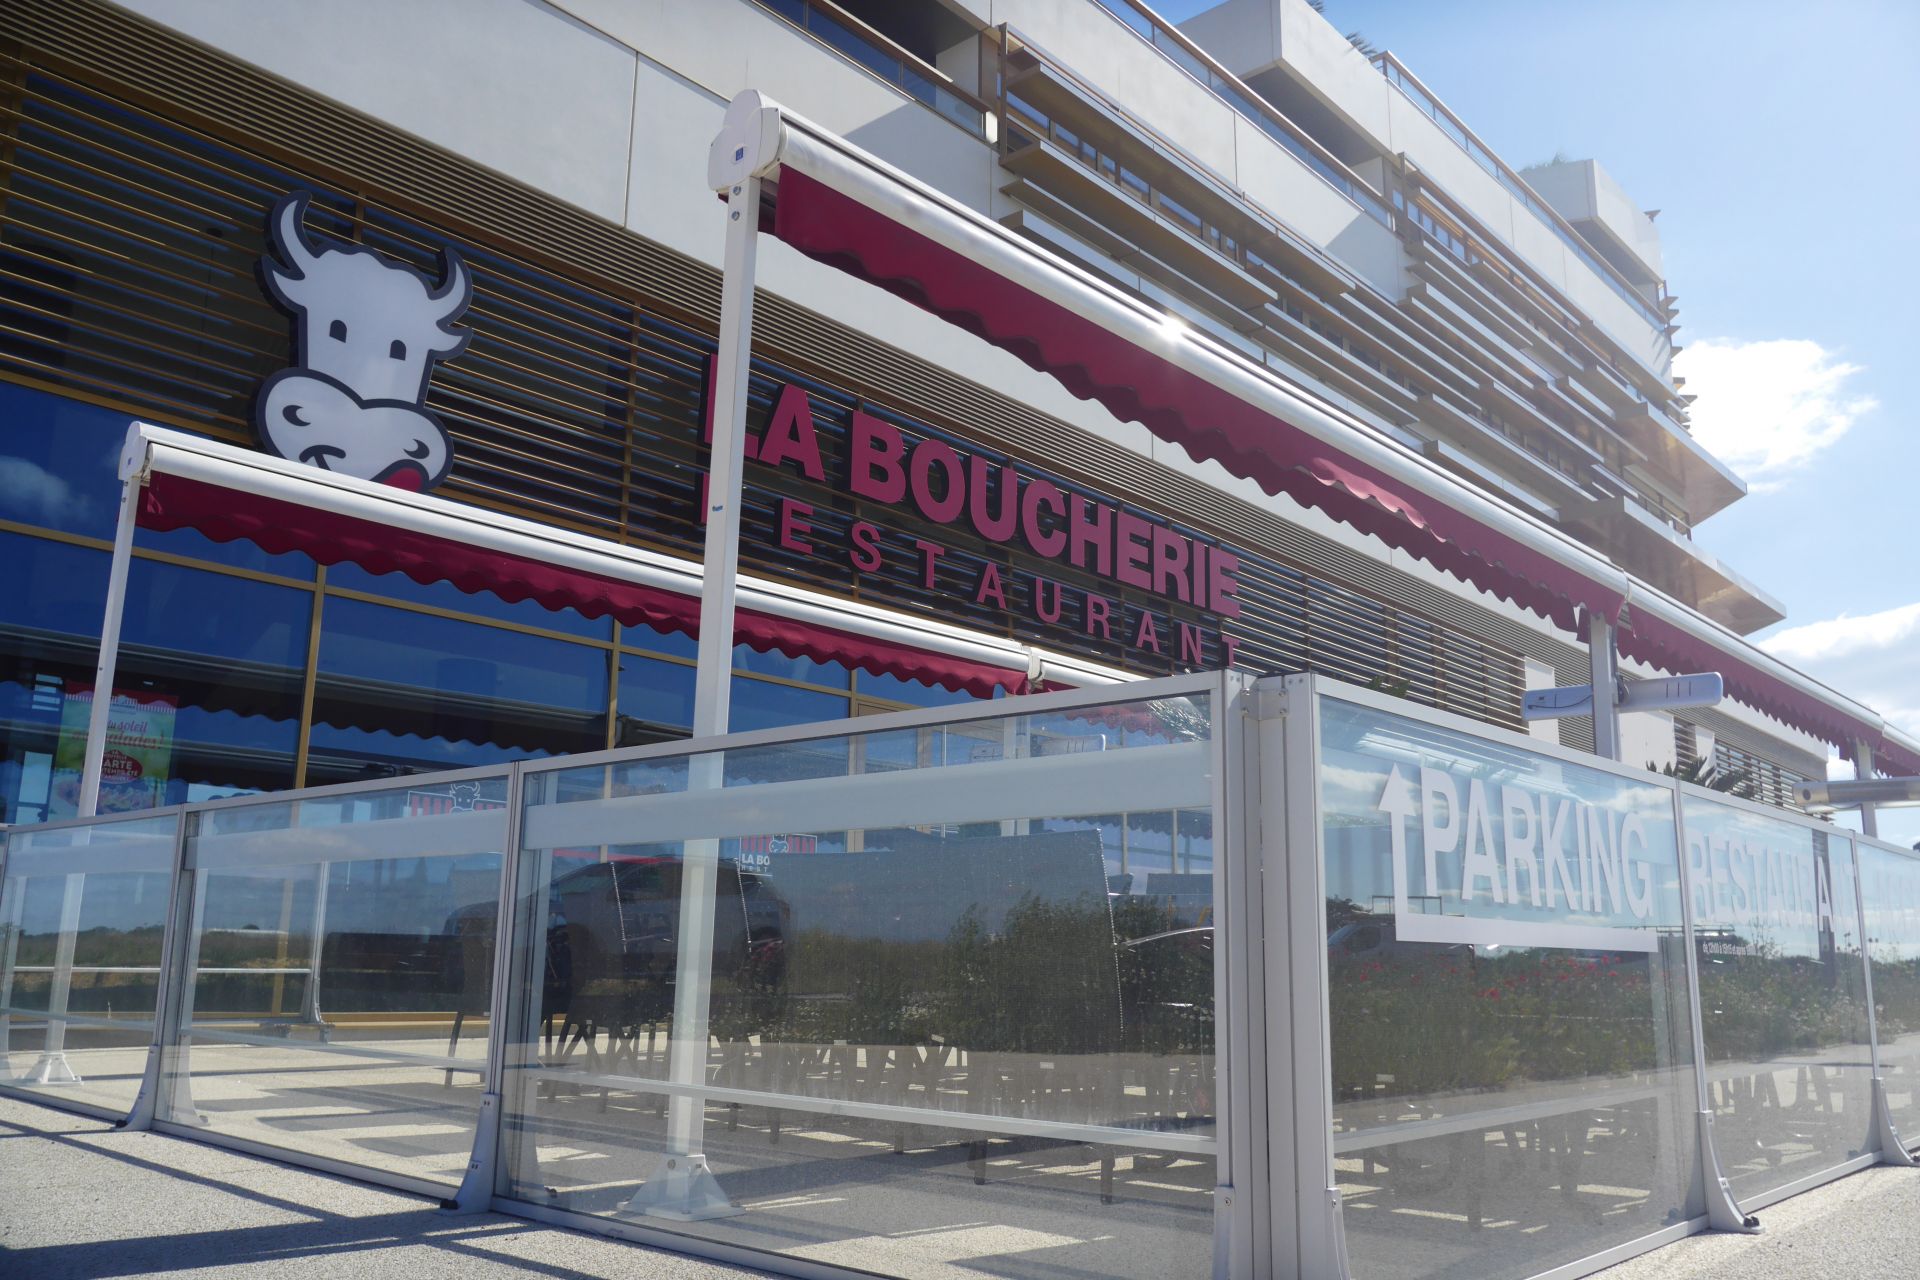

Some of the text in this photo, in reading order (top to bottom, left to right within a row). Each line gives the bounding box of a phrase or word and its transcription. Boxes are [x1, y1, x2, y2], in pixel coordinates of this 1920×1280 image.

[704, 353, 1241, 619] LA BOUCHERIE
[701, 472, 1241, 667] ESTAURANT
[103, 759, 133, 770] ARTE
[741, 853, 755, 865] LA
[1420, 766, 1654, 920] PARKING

* [TASK OBJECTIVE]: Copy the records exactly as they appear, excluding images.

* [OUTPUT OF THE TASK]:
Some of the text in this photo, in reading order (top to bottom, left to right within a row). Each line gives the bounding box of a phrase or word and its transcription. Boxes are [x1, y1, x2, y2], in pixel coordinates of this 1920×1280 image.

[704, 353, 1241, 619] LA BOUCHERIE
[701, 472, 1241, 667] ESTAURANT
[103, 759, 133, 770] ARTE
[741, 853, 755, 865] LA
[1420, 766, 1654, 920] PARKING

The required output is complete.